With the withdrawal bill returning to the Commons on Tuesday, a cross-party group who oppose a hard Brexit and are co-operating on tactics say they believe they have the numbers to defeat the government if they are denied such a vote.
Some Tories say they are even more determined to insist on parliament’s right to veto a bad or no deal because the prime minister appears not to have responded to any of their concerns over recent weeks.
Meanwhile, a secret memo to May written by Boris Johnson and Michael Gove dictating terms for a hard Brexit has emerged. In blunt terms, the pair tell the prime minister to “underline her resolve” to achieve a total break with Brussels, and name 30 June 2021 as the fixed end of Britain’s transition period after leaving the EU in March 2019. The missive will undoubtedly lead critics to say the prime minister is being held hostage by the leading Brexiters.
Ten Conservative MPs have put their names to an amendment, tabled by the Conservative former attorney general Dominic Grieve, which calls for the final withdrawal deal to be approved through a separate statute, which would mean MPs would get the vote they seek. Chuka Umunna, the Labour co-chair of the cross-party group on EU relations, said he believed enough Tory MPs would stand firm.
Not So Fast
Eurointelligence sums up the situation quite a bit differently.
May is coming under pressure from all sides. As the Guardian reports, she may lose an important vote in the House of Commons over the Repeal Bill, as pro-European Tories have aligned with Labour to demand what they call a "meaningful" vote on the Repeal Bill and the Article 50 agreement. There is monumental dishonesty about the concept of "meaningful" because Article 50 only allows for a take-it-or-leave-it vote on Brexit. A meaningful vote will thus presumably imply a Brexit revocation, something the government will simply not accept. What this means is that we are heading for a major confrontation. The House of Commons may vote against the Repeal Bill - which, if pushed through all the way, could lead to legal chaos over Brexit. But, unless the house can unify and propose a Brexit Revocation Bill - which we don't see as likely even under a scenario of a no-deal Brexit - the government's position is likely to prevail.

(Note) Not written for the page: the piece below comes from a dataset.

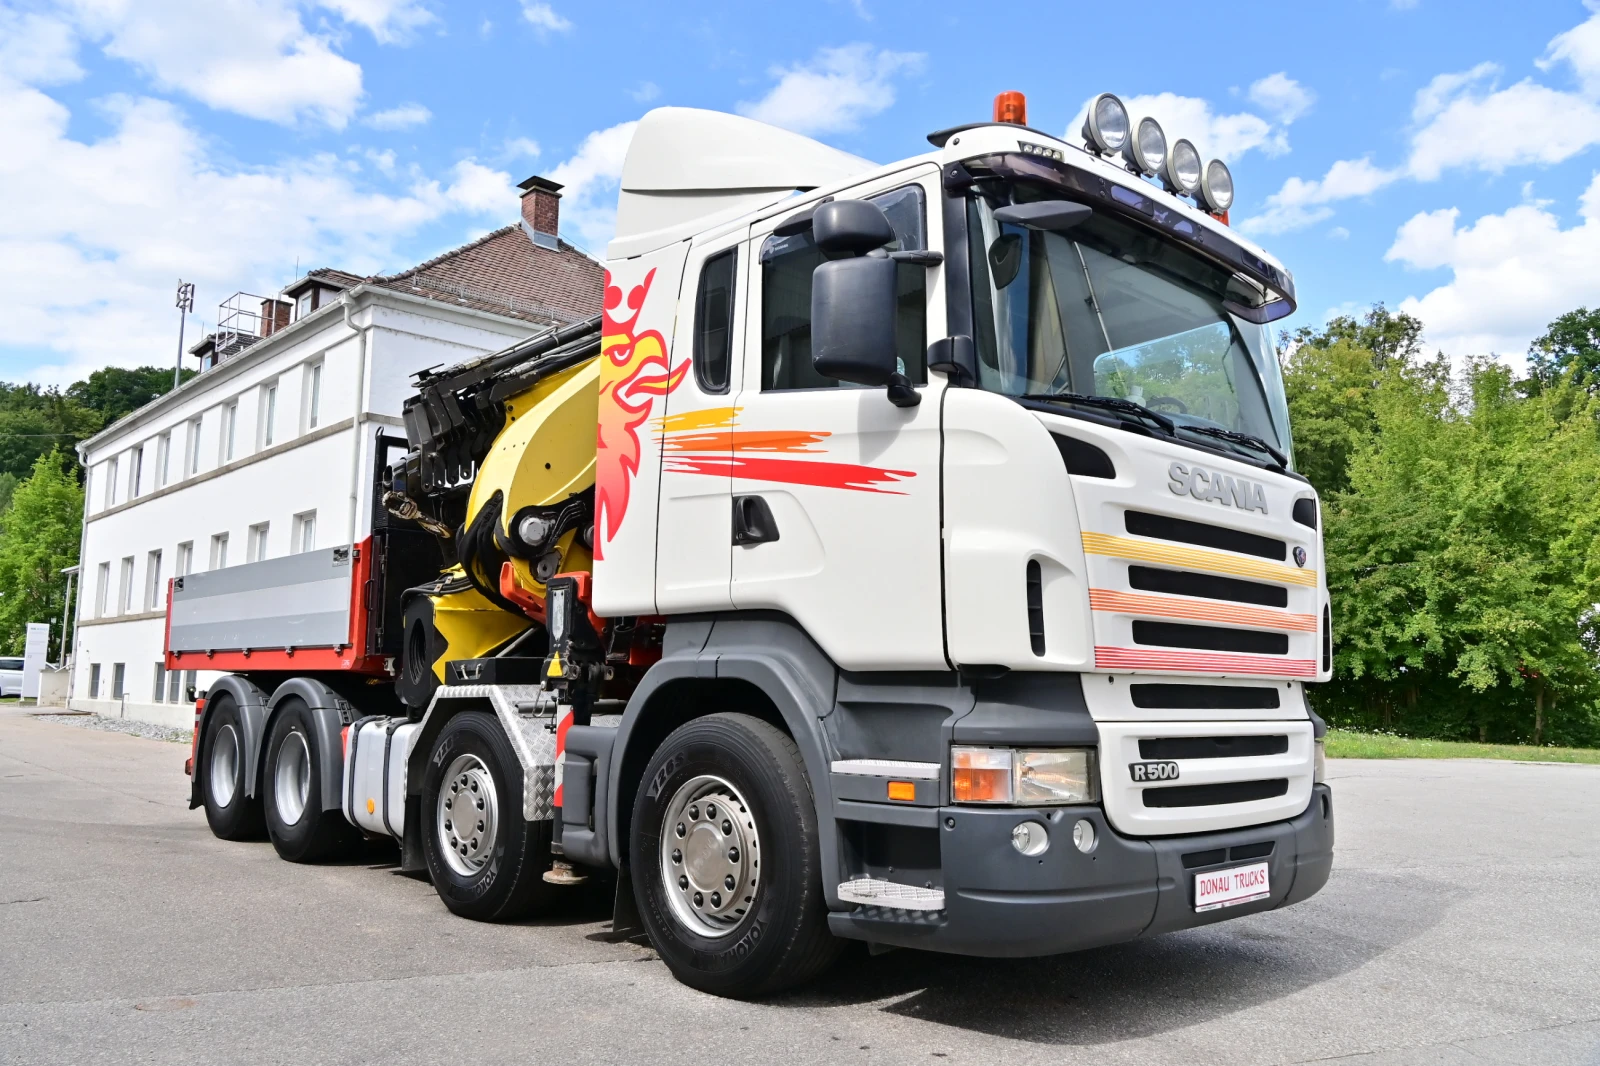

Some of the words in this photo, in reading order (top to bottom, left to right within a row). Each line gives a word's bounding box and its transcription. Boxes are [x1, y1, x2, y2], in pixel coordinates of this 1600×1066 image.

[1168, 462, 1268, 514] SCANIA
[1200, 876, 1230, 896] DONAU
[1234, 869, 1265, 889] TRUCKS

In the UK, the debate about Brexit revocation continues. Lord Kerr said it can be done. Tony Blair says so. And so does Gordon Brown. We also think that it is theoretically possible, but not easy to achieve even if the May government collapses and new elections are held. The reason is that it would require not only a formal request by the British Parliament to instruct the government to ask for a revocation. The more problematic issue is that the EU is only likely to accept it on a number of conditions. The legal view in Brussels is that a Brexit revocation would have to be mutually agreed.

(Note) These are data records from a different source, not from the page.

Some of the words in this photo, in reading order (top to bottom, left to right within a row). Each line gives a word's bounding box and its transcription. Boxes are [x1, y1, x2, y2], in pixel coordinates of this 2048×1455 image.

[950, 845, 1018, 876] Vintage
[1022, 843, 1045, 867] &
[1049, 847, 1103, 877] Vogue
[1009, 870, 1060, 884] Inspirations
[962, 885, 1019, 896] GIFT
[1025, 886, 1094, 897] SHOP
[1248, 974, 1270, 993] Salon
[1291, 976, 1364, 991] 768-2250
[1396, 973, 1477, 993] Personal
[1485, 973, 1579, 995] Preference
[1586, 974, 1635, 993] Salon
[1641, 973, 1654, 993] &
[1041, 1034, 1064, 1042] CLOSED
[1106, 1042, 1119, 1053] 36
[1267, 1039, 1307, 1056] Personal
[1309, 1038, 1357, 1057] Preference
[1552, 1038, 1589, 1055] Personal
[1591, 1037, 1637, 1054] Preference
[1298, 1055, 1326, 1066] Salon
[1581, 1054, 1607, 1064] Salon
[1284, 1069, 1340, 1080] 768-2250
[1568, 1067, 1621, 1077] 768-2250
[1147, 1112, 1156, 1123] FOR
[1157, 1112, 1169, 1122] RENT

Fraser Nelson is probably not right in his argument that there is legally no way of overturning the Article 50 process because the Supreme Court gave its Article 50 ruling on the assumption that Article 50 was irrevocable. While this is true, this does not amount to a formal conclusion by the court that an Article 50 trigger is irrevocable. It was an issue on which both plaintiffs and the government agreed, and which the court merely took as given. It is possible the Supreme Court, or the European Court of Justice, may eventually rule on this issue, and we would not take a ruling for granted. It has been our view that a revocation is possible if both sides want it, and can agree the terms. The difficulty will be the terms. The reason we think it is unlikely is not fundamentally legal but political. A majority of MPs would have to come out and support no Brexit - as opposed to hiding behind the meaningless notion of a meaningful vote. We are nowhere near this.
I believe Eurointelligence has this correct.

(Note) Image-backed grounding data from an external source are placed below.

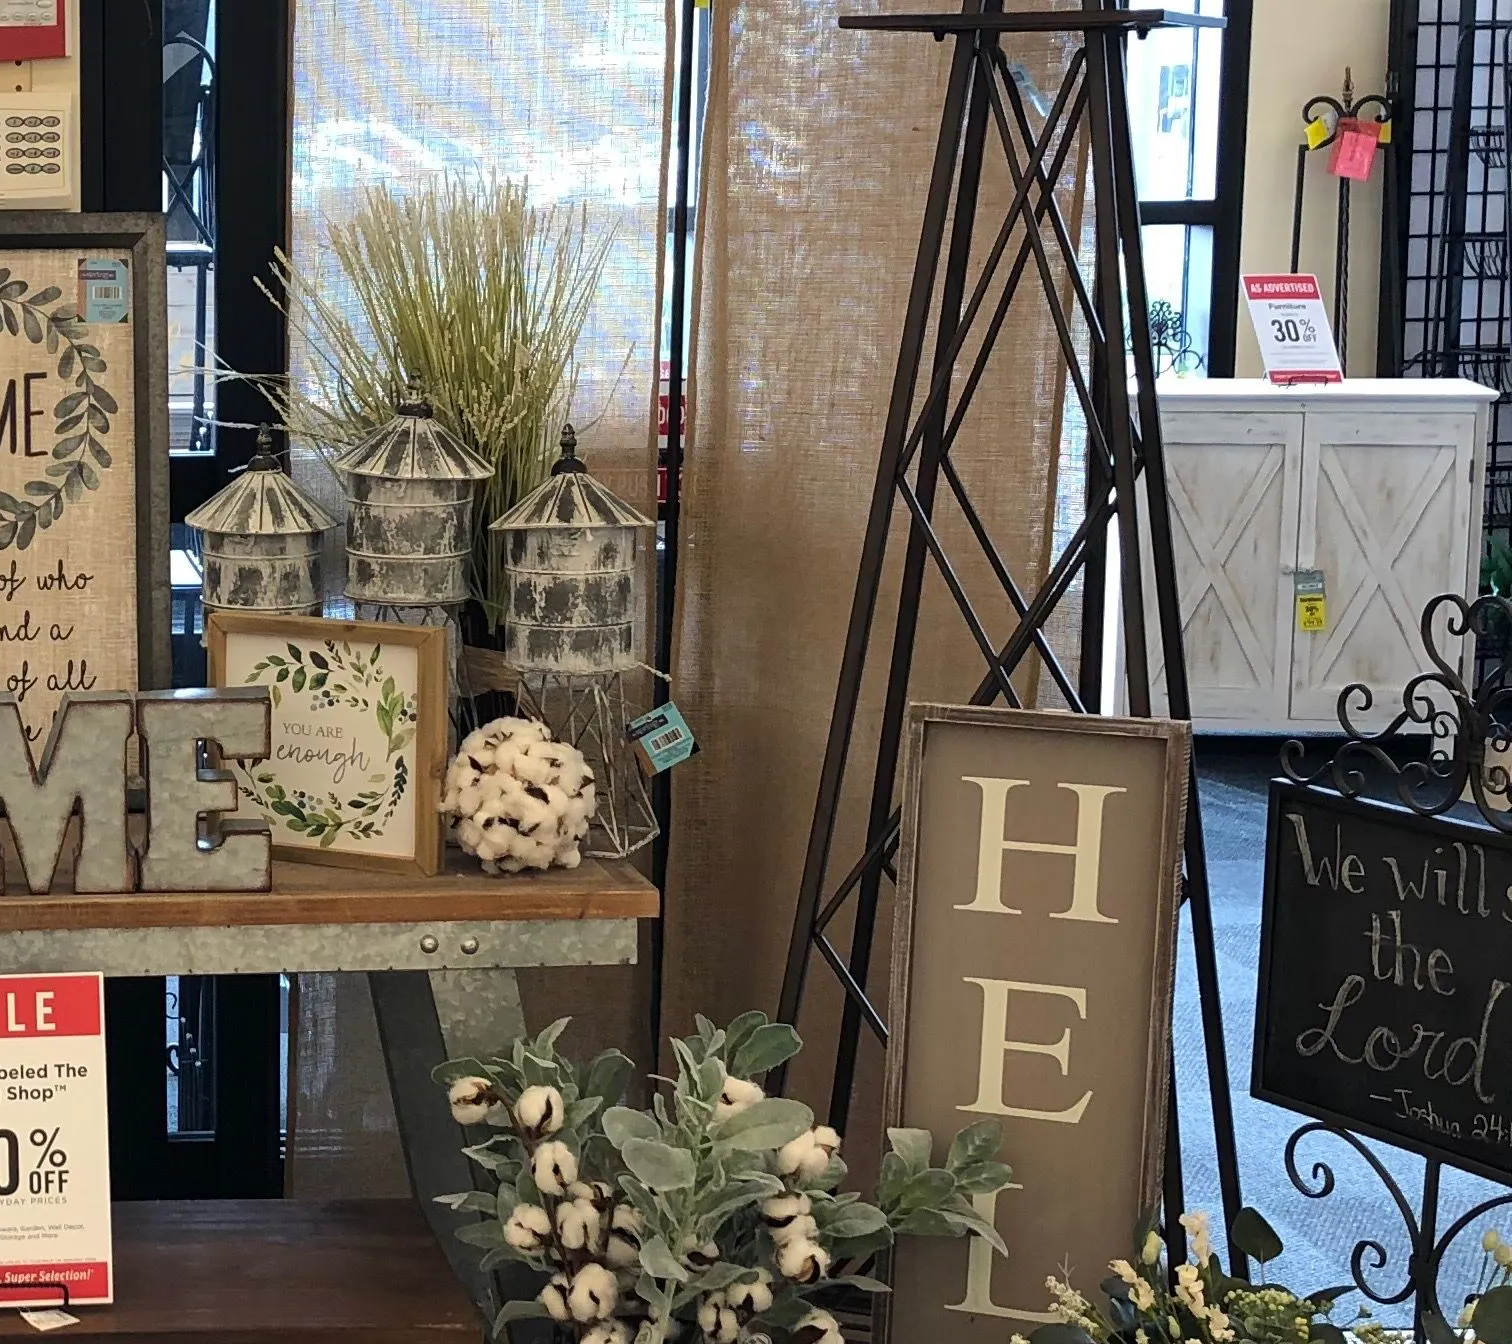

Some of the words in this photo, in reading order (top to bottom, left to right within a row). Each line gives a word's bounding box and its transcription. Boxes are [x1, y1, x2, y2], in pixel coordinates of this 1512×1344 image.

[1250, 283, 1263, 293] AS
[1263, 282, 1315, 293] ADVERTISED
[1268, 302, 1307, 310] Furniture
[36, 559, 94, 591] who
[49, 623, 74, 641] a
[6, 660, 38, 702] of
[46, 659, 98, 691] all
[282, 722, 312, 736] YOU
[314, 725, 344, 738] ARE
[276, 737, 371, 784] enough
[1285, 813, 1366, 894] We
[1382, 841, 1492, 918] will
[1363, 909, 1457, 996] the
[1295, 974, 1512, 1104] Lord
[54, 1063, 88, 1079] The
[29, 1170, 69, 1195] OFF
[30, 1196, 69, 1206] PRICES
[27, 1232, 40, 1240] and
[5, 1270, 37, 1284] Super

Moreover, would the Tories sink May just to have Labour take over, when most of Labour is in favor of Brexit?
Finally, all nations in the EU would have to approve letting the UK back in. They would of course, for a price: more money, a commitment to hike corporate taxes, and a commitment to adopt the euro as a currency all come to mind.
Color me more than a bit skeptical that this all takes place.